* **Brief**
Transcribe the listing that follows in full, omitting pictures.

* **Materials provided**
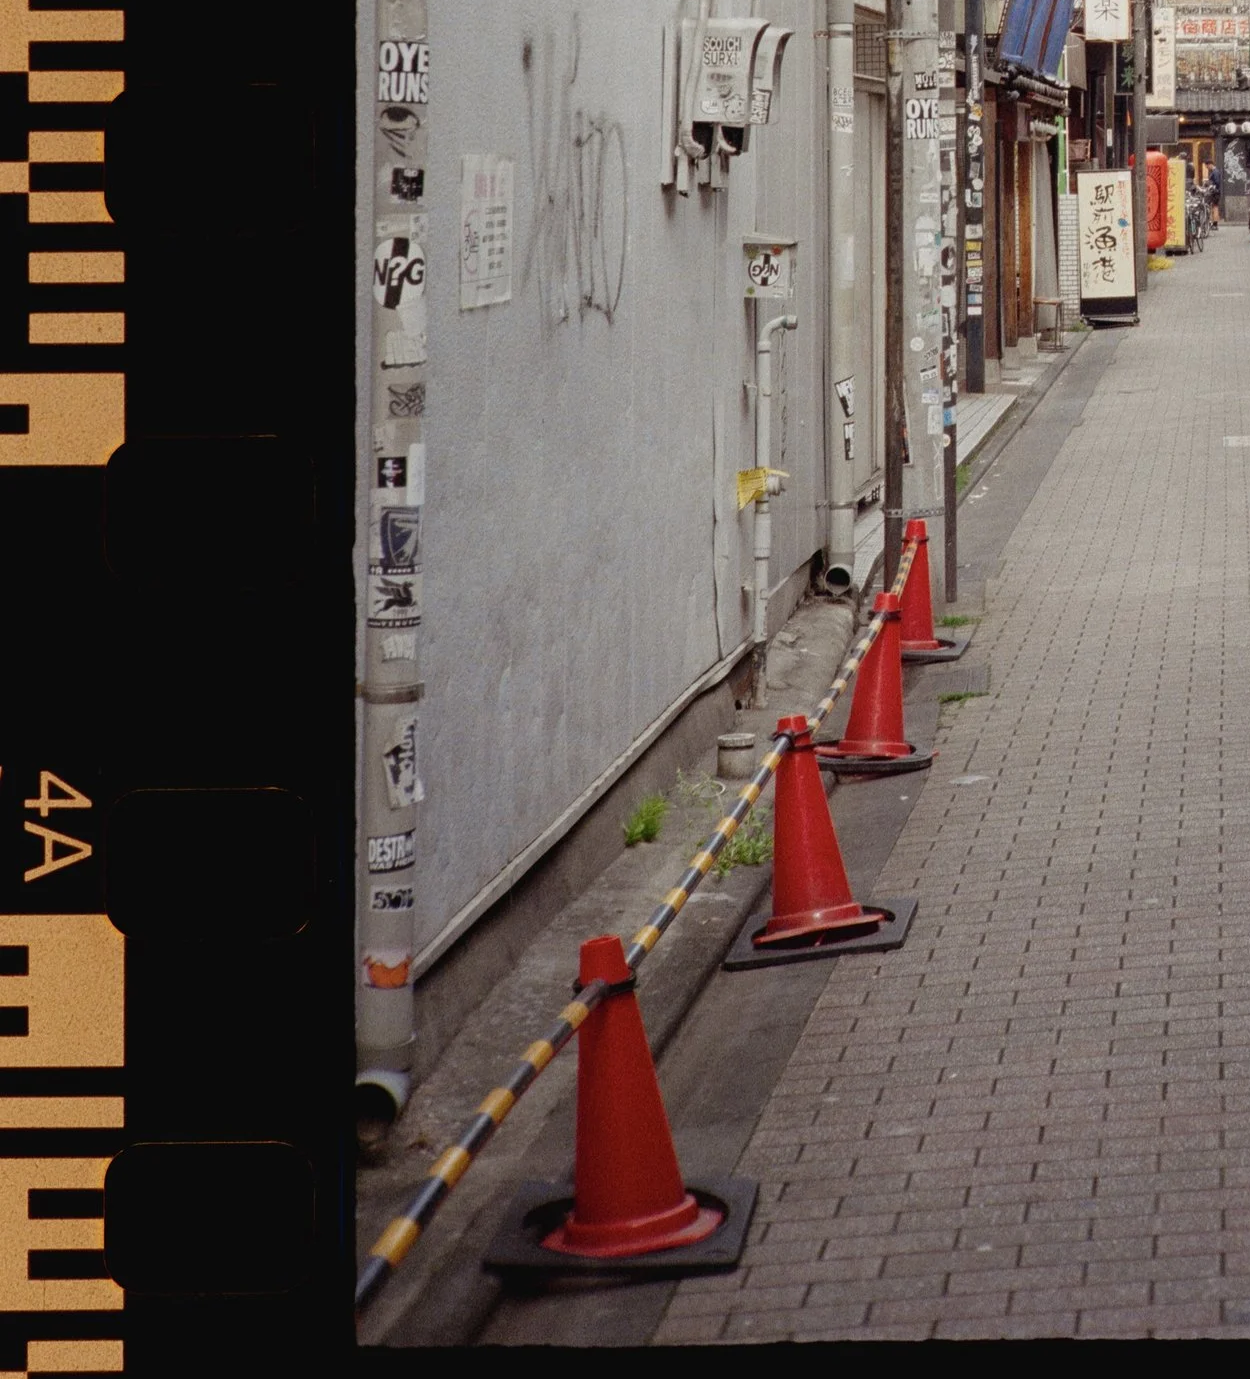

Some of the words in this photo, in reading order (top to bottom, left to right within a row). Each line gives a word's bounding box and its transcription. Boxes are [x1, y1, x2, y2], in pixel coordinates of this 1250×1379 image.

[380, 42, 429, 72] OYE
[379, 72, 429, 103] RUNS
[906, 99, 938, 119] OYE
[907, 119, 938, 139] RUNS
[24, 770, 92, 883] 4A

* **Task result**
Some of the words in this photo, in reading order (top to bottom, left to right within a row). Each line gives a word's bounding box and its transcription. Boxes are [x1, y1, x2, y2], in pixel coordinates of this 1250×1379 image.

[380, 42, 429, 72] OYE
[379, 72, 429, 103] RUNS
[906, 99, 938, 119] OYE
[907, 119, 938, 139] RUNS
[24, 770, 92, 883] 4A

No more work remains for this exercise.